Plaintiff's complaint asserts three separate claims. First, Plaintiff alleges that on August 6, 2007, he attempted to commit suicide by overdosing on prescribed sleeping pills. As a result of his suicide attempt, plaintiff was stripped naked and place in the male "quiet cell" with only a mat to sleep on. Plaintiff asserts that the toilet in the male "quiet cell" was out of order and that the cell lacked both hot water and soap. Plaintiff states that on August 8, 2007, he was moved from the male "quiet cell" to the female "quiet cell." Plaintiff alleges that the female "quiet cell" also lacked hot water and soap. Plaintiff states that on August 9, 2007, he was moved back to the male "quiet cell" where he remained until August 13, 2007. Plaintiff alleges that during the time he was confined in the "quiet cells," the cells were swept and mopped only once in violation of Jail policy stating that cells would be swept and mopped each day. Liberally construing the complaint, it appears that Plaintiff claims that the conditions in the "quiet cells" violated his constitutional rights.

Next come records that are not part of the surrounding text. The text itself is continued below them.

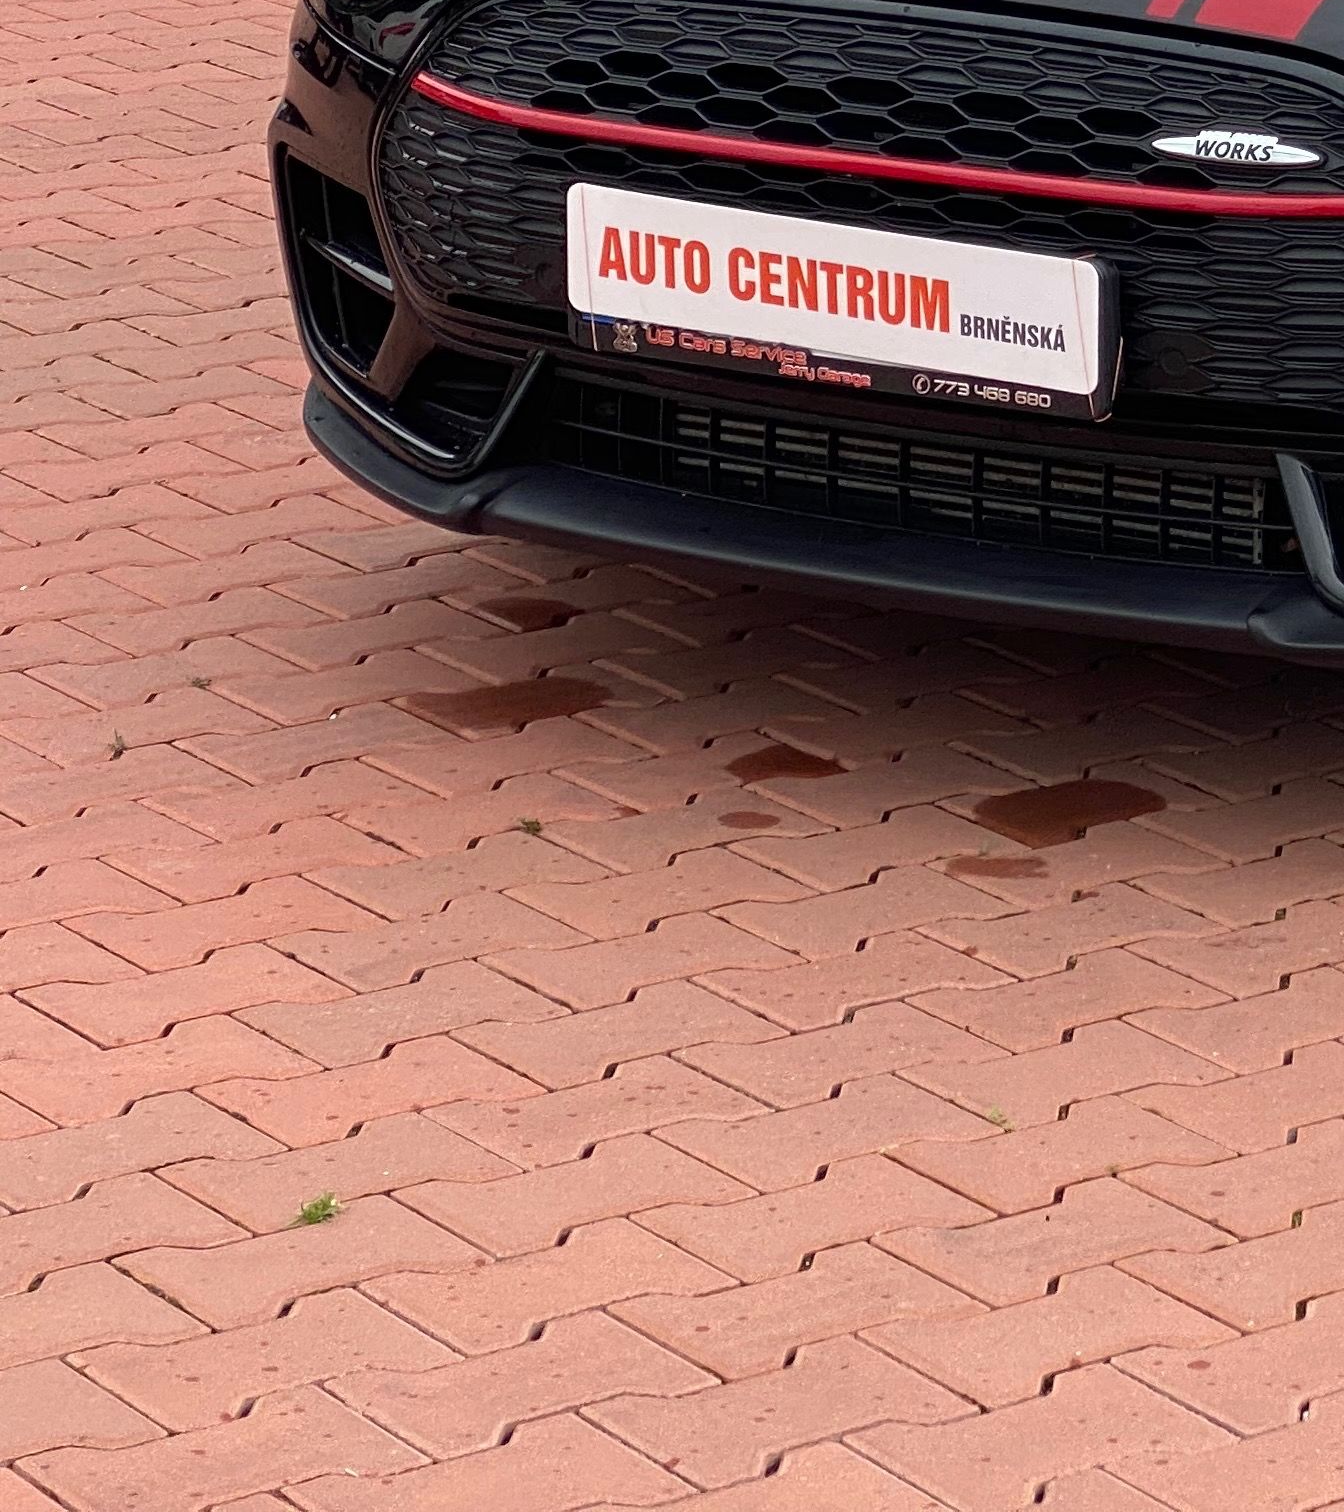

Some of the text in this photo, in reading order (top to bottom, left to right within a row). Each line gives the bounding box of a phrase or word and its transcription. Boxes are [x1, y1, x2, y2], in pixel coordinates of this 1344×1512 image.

[1194, 139, 1274, 162] WORKS
[598, 226, 1067, 353] AUTO CENTRUM BRNĚNSKÁ
[645, 325, 808, 365] US Cars Service
[779, 362, 872, 388] Jerry Garage
[932, 378, 1052, 409] 773 468 680

Second, Plaintiff alleges that every time he wrote a complaint he did not receive a reply. Plaintiff alleges that the failure to respond to his complaints violated due process of law.
Finally, Plaintiff asserts that on July 22, 2007, he was involved in a fight with Ron Lott, a fellow prisoner. During this fight, Plaintiff asserts that he was cut with a razor. Plaintiff was taken to the hospital where he received stitches for this injury. Plaintiff contends that razors are handed out daily to inmates whose names are recorded. Plaintiff further contends that the distributed razors are to be collected every morning. Plaintiff alleges that a search of the Jail after the fight yielded twenty-one razors. Plaintiff claims that he was injured due to the negligence of prison staff in distributing and collecting the razors.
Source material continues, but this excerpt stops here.